Hope this is of some help - if anything I said is not clear feel free to drop me an email.

Yes, but that’s because the potential of that ball would be very different from its surroundings, not because the ball is at a high potential. And if we can suppose one such ball, why not two? Put an object midway between the balls, and it won’t get any net polarization.

Those pesky engineers that get things messed up!

:rolleyes:

Wouldn’t the cable run the risk of shorting out whatever insulated natural potentials there may be around the earth? Would it affect thunderstorms? Wasn’t there an experiment with the Shuttle trailing a long cable, and the cable building up voltage due to relative motion with the ionosphere?

Relative motion to the ionosphere would, indeed, produce very significant currents, but a space elevator would be essentially at rest with respect to the ionosphere. Last I heard, the possibility of shorting out the ionosphere was considered, and found to not be a problem. And such a cable would, indeed, tend to prevent thunderstorms, but you would want to put it somewhere which gets very few thunderstorms in the first place: I believe that the current propoasal is off the coast of Ecuador, which gets very few storms. This is a good thing, because in addition to the cabel affecting lightning, lightning would also damage the cable.

I agree with the above, but will use it to add validity to my earlier post.

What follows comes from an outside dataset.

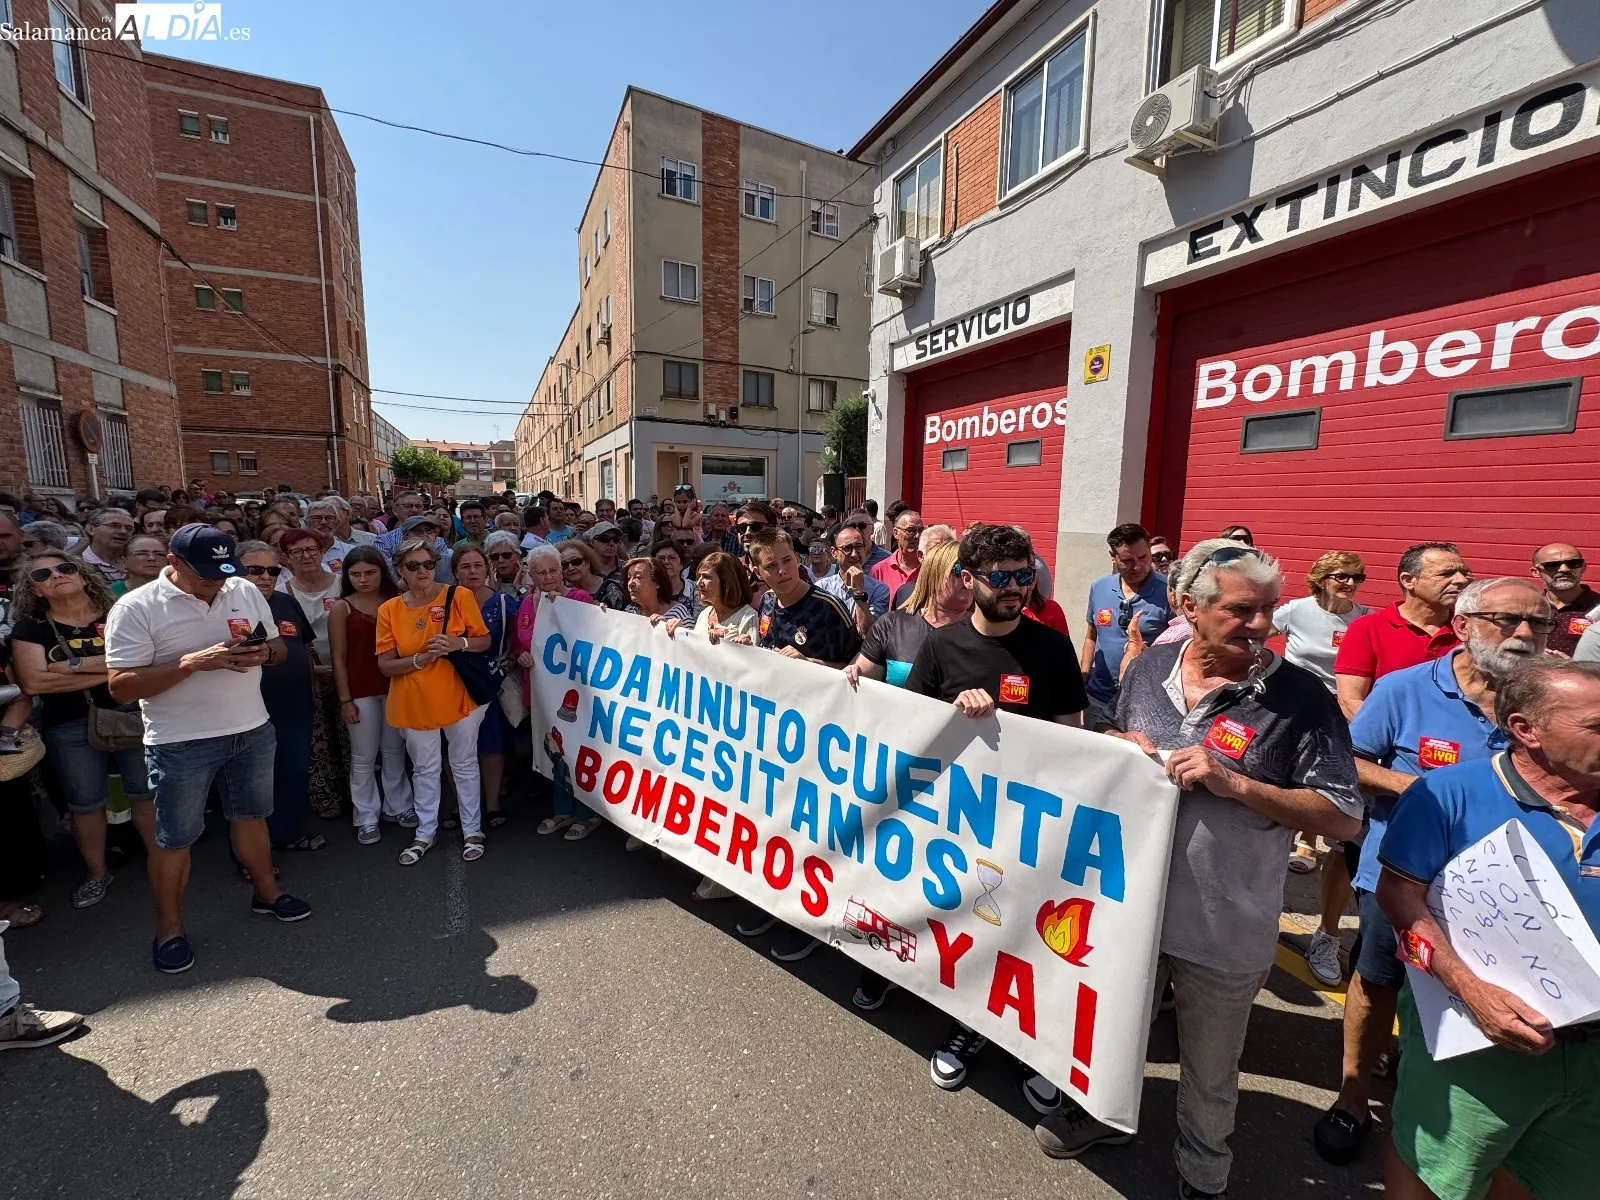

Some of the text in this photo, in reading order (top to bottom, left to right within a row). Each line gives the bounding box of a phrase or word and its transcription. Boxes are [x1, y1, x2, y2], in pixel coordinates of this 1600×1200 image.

The ball is very different than its surroundings - true, which is exactly why it should not be given an “absolute zero” potential. It is very positively charged compared to the “normal” (ie neutral), which is why it is at very high potential.

As for two positive balls - again, I agree that being in the midpoint will result in no polarization … but how would you get an object there? Begin with an object that is far from either of the two. If that object is like- charged, work will need to be done to get it to the midpoint (this requires the addition of energy - which is the true meaning of potential). If the object was neutral, it will become polarized on the way to the midpoint, which can result in the same problems discussed above.

Hey, you’re the guy who introduced pure proton spheres. If you can imagine those, then I can imagine putting something between them. Yes, it takes energy to assemble the balls, but that’s just because we live in a universe that doesn’t already have such things assembled in it. We could, in fact, call the surface of those balls “zero potential”, and no harm would be done by it. Oh, it might make calculations a little uglier, and it’d be silly, but it’d be no less valid.

Another factor that the article did not mention is that some circuits, it’s useful to be able to "dump"current without changing the voltage of the destination. Take an xor gate, for instance. If a single input is “1”, then it just flows through. But if both are “1”, then you have to get rid of the current, and the simplest way is to send it to “ground”. In this case, “ground” need not be at any particular voltage, but it does need to have to have a capacitance much greater than the rest of the circuit.

To get back to the original question:
It’s not much different than an automobile. A car (in dry weather) does not have an electrical contact with the earth because there is no need for one. The parts of the vehicle are electrically bonded to each other, to reduce the possibility of differing potentials. It would be helpful to use the term “ground” (“earth” in British terminology) only when referring to contacts with the earth. Even bureacrats at OSHA understand this distinction.

As a scientist, I’m inclined to agree with the sentiments about engineers posted above. But the scientists here would do well to remember the caveat of one of the scientist characters in Kurt Vonnegut’s Cat’s Cradle (paraphrased, of course): “Any scientist who cannot explain his field to a 9-year old is a charlatan.”

Doh! Beaten to the punch! By an engineer! But there’s much more detail there than needed to make the point. And not all cars have 12 volt systems or negative grounds. Older British sports cars are notorious for having positive ground systems that confound Amnericam mechanics. Many old tractors have 6 volt electrical sytems. Needless detail tends to confuse folks.